▶ [Source material]
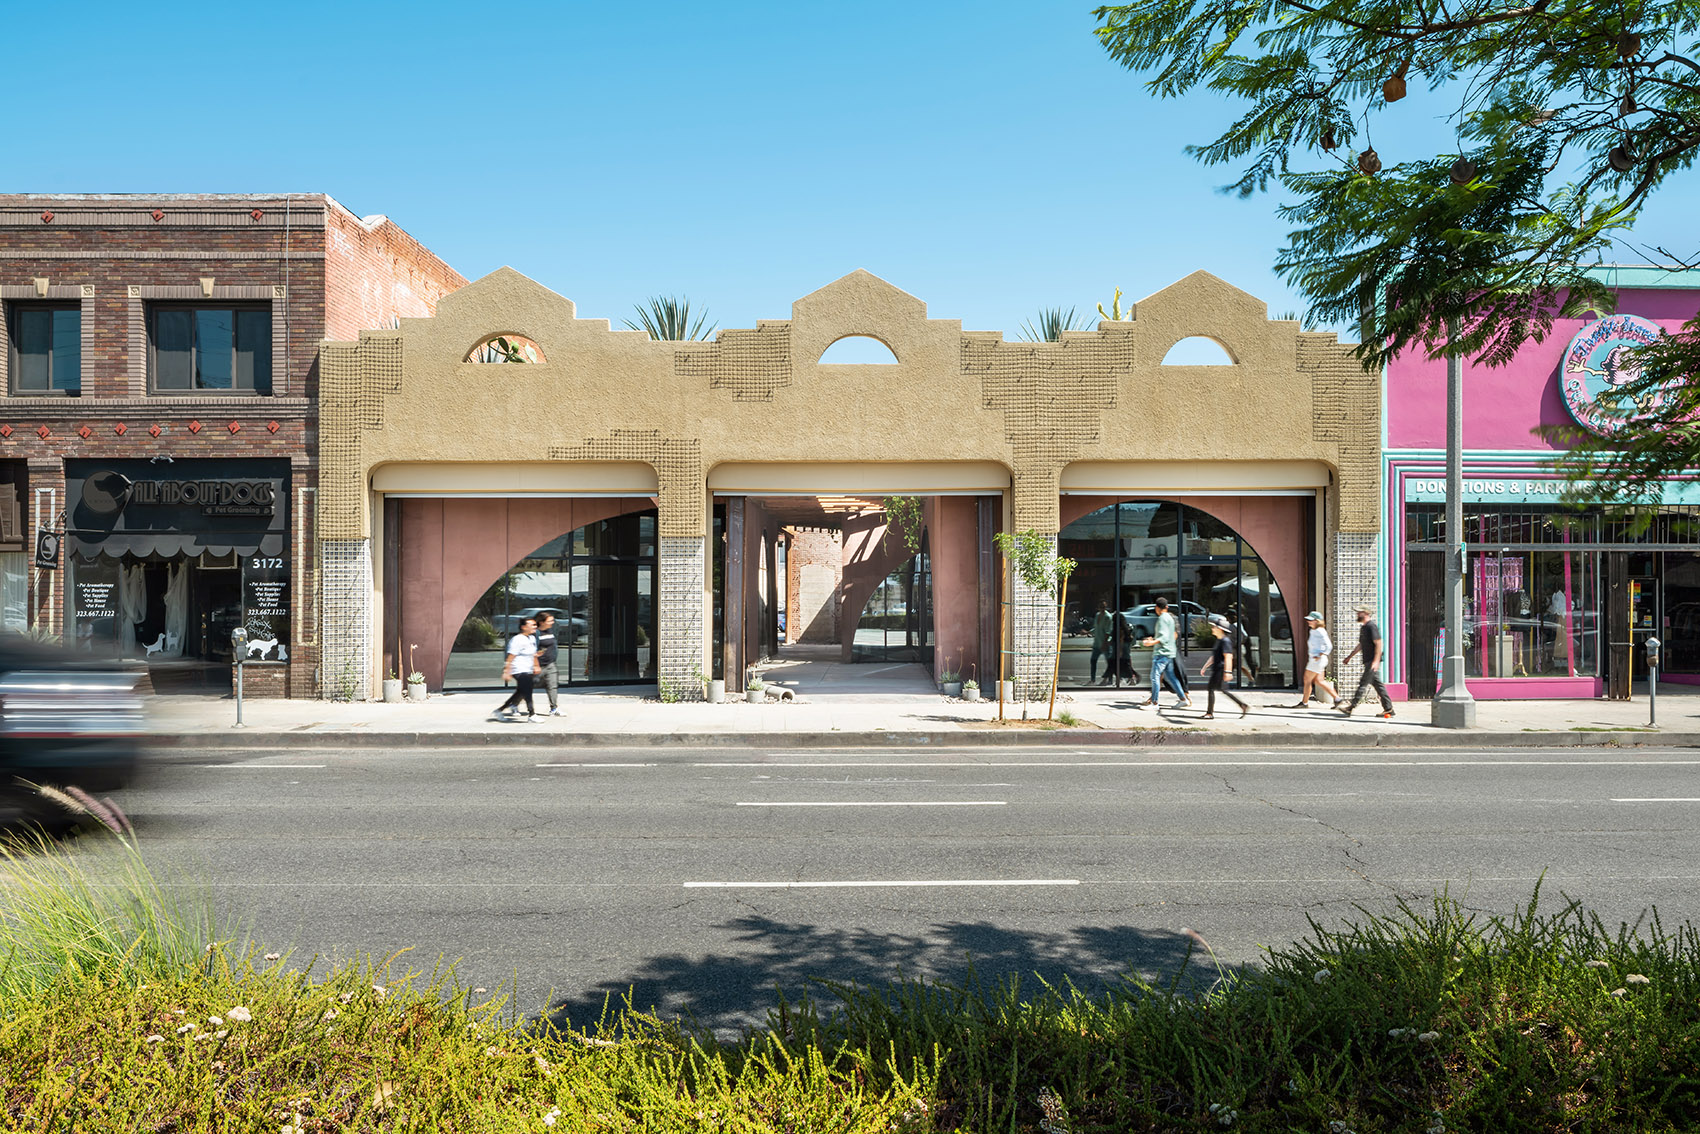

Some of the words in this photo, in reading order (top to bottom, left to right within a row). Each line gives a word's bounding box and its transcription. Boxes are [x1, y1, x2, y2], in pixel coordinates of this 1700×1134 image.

[1416, 481, 1504, 493] DONTIONS
[1509, 481, 1520, 493] &
[134, 481, 157, 503] ALL
[160, 481, 216, 505] ABOUT
[220, 481, 272, 505] DOGS
[228, 506, 260, 514] Grooming
[253, 558, 283, 568] 3172

▶ [Your objective]
The entries are to be written out in full and exactly, apart from the pictures.

▶ [Final answer]
Some of the words in this photo, in reading order (top to bottom, left to right within a row). Each line gives a word's bounding box and its transcription. Boxes are [x1, y1, x2, y2], in pixel coordinates of this 1700×1134 image.

[1416, 481, 1504, 493] DONTIONS
[1509, 481, 1520, 493] &
[134, 481, 157, 503] ALL
[160, 481, 216, 505] ABOUT
[220, 481, 272, 505] DOGS
[228, 506, 260, 514] Grooming
[253, 558, 283, 568] 3172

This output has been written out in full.